§ Material for this exercise:

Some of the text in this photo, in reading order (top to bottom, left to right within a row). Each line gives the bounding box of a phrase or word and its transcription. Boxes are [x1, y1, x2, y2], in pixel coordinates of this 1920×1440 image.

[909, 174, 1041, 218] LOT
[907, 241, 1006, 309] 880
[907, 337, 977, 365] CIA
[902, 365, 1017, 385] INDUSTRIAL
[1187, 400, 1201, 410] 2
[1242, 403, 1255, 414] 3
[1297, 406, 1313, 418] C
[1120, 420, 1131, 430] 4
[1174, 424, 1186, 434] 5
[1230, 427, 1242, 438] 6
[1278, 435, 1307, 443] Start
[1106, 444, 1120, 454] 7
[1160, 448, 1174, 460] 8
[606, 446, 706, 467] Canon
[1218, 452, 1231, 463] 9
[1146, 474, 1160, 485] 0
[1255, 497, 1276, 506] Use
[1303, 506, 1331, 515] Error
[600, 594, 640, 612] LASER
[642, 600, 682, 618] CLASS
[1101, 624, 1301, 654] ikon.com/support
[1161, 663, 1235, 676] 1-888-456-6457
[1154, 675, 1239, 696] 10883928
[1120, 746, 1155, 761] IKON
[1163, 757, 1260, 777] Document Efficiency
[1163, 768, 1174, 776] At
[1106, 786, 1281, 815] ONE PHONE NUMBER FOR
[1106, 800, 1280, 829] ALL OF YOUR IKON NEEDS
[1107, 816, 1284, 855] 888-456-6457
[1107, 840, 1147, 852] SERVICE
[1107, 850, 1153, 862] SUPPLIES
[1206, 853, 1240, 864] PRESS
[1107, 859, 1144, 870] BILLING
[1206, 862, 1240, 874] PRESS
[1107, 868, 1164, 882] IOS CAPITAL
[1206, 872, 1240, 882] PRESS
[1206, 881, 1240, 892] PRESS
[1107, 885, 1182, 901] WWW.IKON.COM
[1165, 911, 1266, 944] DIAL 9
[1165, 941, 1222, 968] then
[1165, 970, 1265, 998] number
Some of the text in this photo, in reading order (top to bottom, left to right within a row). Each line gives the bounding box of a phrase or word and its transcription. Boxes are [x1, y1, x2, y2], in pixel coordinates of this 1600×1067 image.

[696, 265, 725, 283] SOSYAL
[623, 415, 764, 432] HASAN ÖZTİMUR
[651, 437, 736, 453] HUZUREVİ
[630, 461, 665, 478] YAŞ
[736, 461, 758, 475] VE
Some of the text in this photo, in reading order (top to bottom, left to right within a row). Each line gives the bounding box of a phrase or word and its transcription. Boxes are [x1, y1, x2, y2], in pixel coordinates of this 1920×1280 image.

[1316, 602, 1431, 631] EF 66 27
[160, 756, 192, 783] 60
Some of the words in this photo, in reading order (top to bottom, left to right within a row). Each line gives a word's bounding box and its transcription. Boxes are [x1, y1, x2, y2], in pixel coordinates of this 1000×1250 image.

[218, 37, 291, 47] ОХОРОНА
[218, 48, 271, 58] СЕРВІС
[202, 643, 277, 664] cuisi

§ Exercise details: Each record above is to be restated word for word.

§ Response:
Some of the text in this photo, in reading order (top to bottom, left to right within a row). Each line gives the bounding box of a phrase or word and its transcription. Boxes are [x1, y1, x2, y2], in pixel coordinates of this 1920×1440 image.

[909, 174, 1041, 218] LOT
[907, 241, 1006, 309] 880
[907, 337, 977, 365] CIA
[902, 365, 1017, 385] INDUSTRIAL
[1187, 400, 1201, 410] 2
[1242, 403, 1255, 414] 3
[1297, 406, 1313, 418] C
[1120, 420, 1131, 430] 4
[1174, 424, 1186, 434] 5
[1230, 427, 1242, 438] 6
[1278, 435, 1307, 443] Start
[1106, 444, 1120, 454] 7
[1160, 448, 1174, 460] 8
[606, 446, 706, 467] Canon
[1218, 452, 1231, 463] 9
[1146, 474, 1160, 485] 0
[1255, 497, 1276, 506] Use
[1303, 506, 1331, 515] Error
[600, 594, 640, 612] LASER
[642, 600, 682, 618] CLASS
[1101, 624, 1301, 654] ikon.com/support
[1161, 663, 1235, 676] 1-888-456-6457
[1154, 675, 1239, 696] 10883928
[1120, 746, 1155, 761] IKON
[1163, 757, 1260, 777] Document Efficiency
[1163, 768, 1174, 776] At
[1106, 786, 1281, 815] ONE PHONE NUMBER FOR
[1106, 800, 1280, 829] ALL OF YOUR IKON NEEDS
[1107, 816, 1284, 855] 888-456-6457
[1107, 840, 1147, 852] SERVICE
[1107, 850, 1153, 862] SUPPLIES
[1206, 853, 1240, 864] PRESS
[1107, 859, 1144, 870] BILLING
[1206, 862, 1240, 874] PRESS
[1107, 868, 1164, 882] IOS CAPITAL
[1206, 872, 1240, 882] PRESS
[1206, 881, 1240, 892] PRESS
[1107, 885, 1182, 901] WWW.IKON.COM
[1165, 911, 1266, 944] DIAL 9
[1165, 941, 1222, 968] then
[1165, 970, 1265, 998] number
Some of the text in this photo, in reading order (top to bottom, left to right within a row). Each line gives the bounding box of a phrase or word and its transcription. Boxes are [x1, y1, x2, y2], in pixel coordinates of this 1600×1067 image.

[696, 265, 725, 283] SOSYAL
[623, 415, 764, 432] HASAN ÖZTİMUR
[651, 437, 736, 453] HUZUREVİ
[630, 461, 665, 478] YAŞ
[736, 461, 758, 475] VE
Some of the text in this photo, in reading order (top to bottom, left to right within a row). Each line gives the bounding box of a phrase or word and its transcription. Boxes are [x1, y1, x2, y2], in pixel coordinates of this 1920×1280 image.

[1316, 602, 1431, 631] EF 66 27
[160, 756, 192, 783] 60
Some of the words in this photo, in reading order (top to bottom, left to right within a row). Each line gives a word's bounding box and its transcription. Boxes are [x1, y1, x2, y2], in pixel coordinates of this 1000×1250 image.

[218, 37, 291, 47] ОХОРОНА
[218, 48, 271, 58] СЕРВІС
[202, 643, 277, 664] cuisi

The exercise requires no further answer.